Le film d’une attente, un village en attente de l’explosion, du trouble, de la fin. Emin Alper, reconnu dès son premier long-métrage "Derrière les collines", organise ici un chaos dérangeant, saisi dans tout son silence.
Istanbul, futur proche. Abluka raconte un morceau de la vie de deux frères. L’aîné, Kadir, se voit offrir une liberté conditionnelle après vingt ans de prison -sans que le motif ne soit précisé à ses proches, s’il accepte de renseigner le gouvernement sur les agissements du voisinage afin de démasquer les terroristes. Le benjamin, Ahmet, est chasseur de chiens errants pour la mairie, métaphore du chasseur de terroristes que doit devenir son frère. Le film commence lors des retrouvailles de ces deux frères, qui se lient et s’évitent autour d’un couple d’amis, Meral et Ali.
Un malaise silencieux
Le film est lent, le cadre est fixe. On assiste à un crescendo de l’intrigue qui demeure « silencieux », une ambiance sourde comme après un coup de feu : c’est un moment à la fois avant et après. L’attente de ce quelque chose, de cet événement qui mettra fin à ce siège, se ressent dans cette violence latente. Très pudique, le réalisateur montre peu de violence à l'image -pas de cadavres, de sang, et nulle agression sonore. Cette violence invisible se ressent car elle s’immisce partout. Le malaise qu’elle provoque est d’autant plus palpable car elle se concentre en un huis-clos, qui passe du village à la rue, de la maison d’Ahmet à son salon : la prison demeure, malgré cette liberté conditionnelle illusoire. De la même façon, les bars sont en sous sols et ajoutent au sentiment de claustrophobie. Seule capable d'offrir une ouverture, Meral semble être un point de lumière : elle illumine l’écran avec son visage et ses yeux clairs et, devenant le désir de Kadir, elle symbolise la vie dans ce chaos. Or même ce point de lumière, cette issue, finit par se boucher. Définitivement enfermés, les personnages se laissent porter par la spirale de la paranoïa.
Un fourmillement qui mène à l'implosion
Ce crescendo atteint son point de non-retour dès lors que se rencontrent les destins des deux frères.
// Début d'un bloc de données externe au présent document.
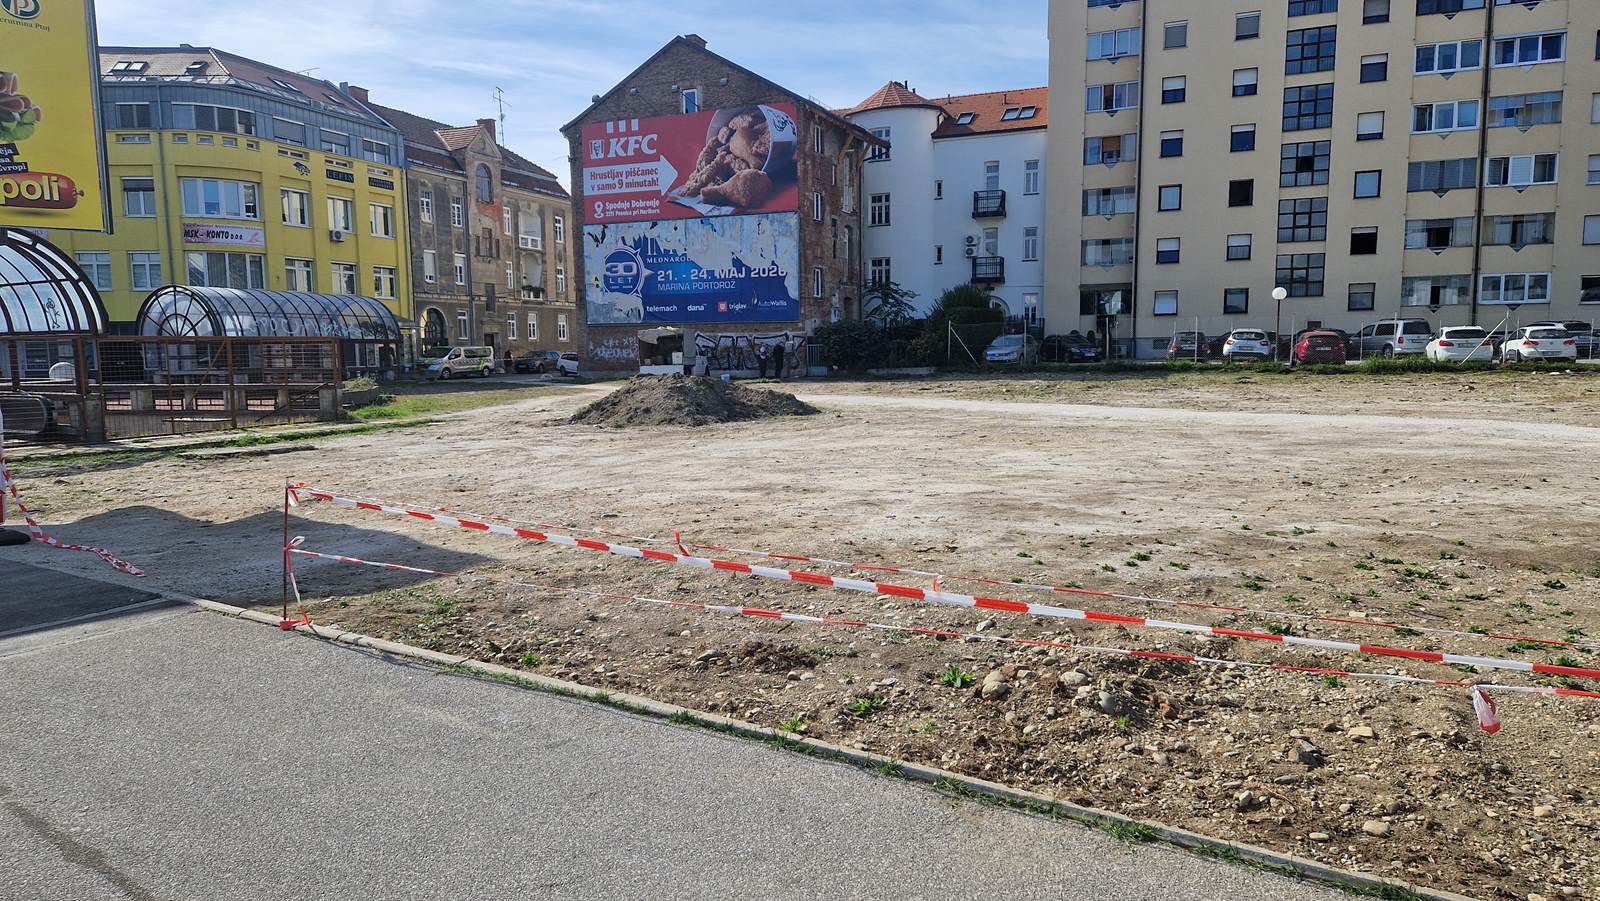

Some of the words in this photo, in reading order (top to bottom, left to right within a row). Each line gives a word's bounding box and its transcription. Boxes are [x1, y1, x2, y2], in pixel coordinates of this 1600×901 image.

Il s’inverse car les caractéristiques de chacun se retrouvent à leur extrême opposé : les amis deviennent des ennemis quand les ennemis deviennent des amis, les bourreaux sont des victimes, les victimes des bourreaux. Ce fourmillement se ressent également dans le vide qui règne à l’image, car ce vide est habité. Les paysages sont déserts et les couleurs sont pauvres. Toutefois la palette bleue et grise prend des tons chauds lorsqu’il est question de soirées -que l’on suppose interdites, qui n’entrent pas dans la norme, et dans les rues peuvent se dissimuler des hommes. Dans cette ville fantôme ressurgit Véli, le cadet que personne n’a revu depuis vingt ans. Ressurgit également le mythe construit autour de sa figure : le gouvernement le suspecte d’être à la tête d’un réseau terroriste. Toutefois, celui qu’on présume être le disparu de retour au village ne se révèle jamais, et laisse ouverte la fin de ce film engagé.
© Nour Films
Nous sommes heureux de quitter la salle, soulagés de pouvoir s’extirper du village. On oublie assez vite ce film, qui revient pourtant progressivement pour nourrir notre propre paranoïa. Abluka n’est pas un film duquel on reste spectateur, c’est une véritable expérience. Pas étonnant que le film ait remporté le Prix Spécial du Jury à la Mostra de Venise 2016.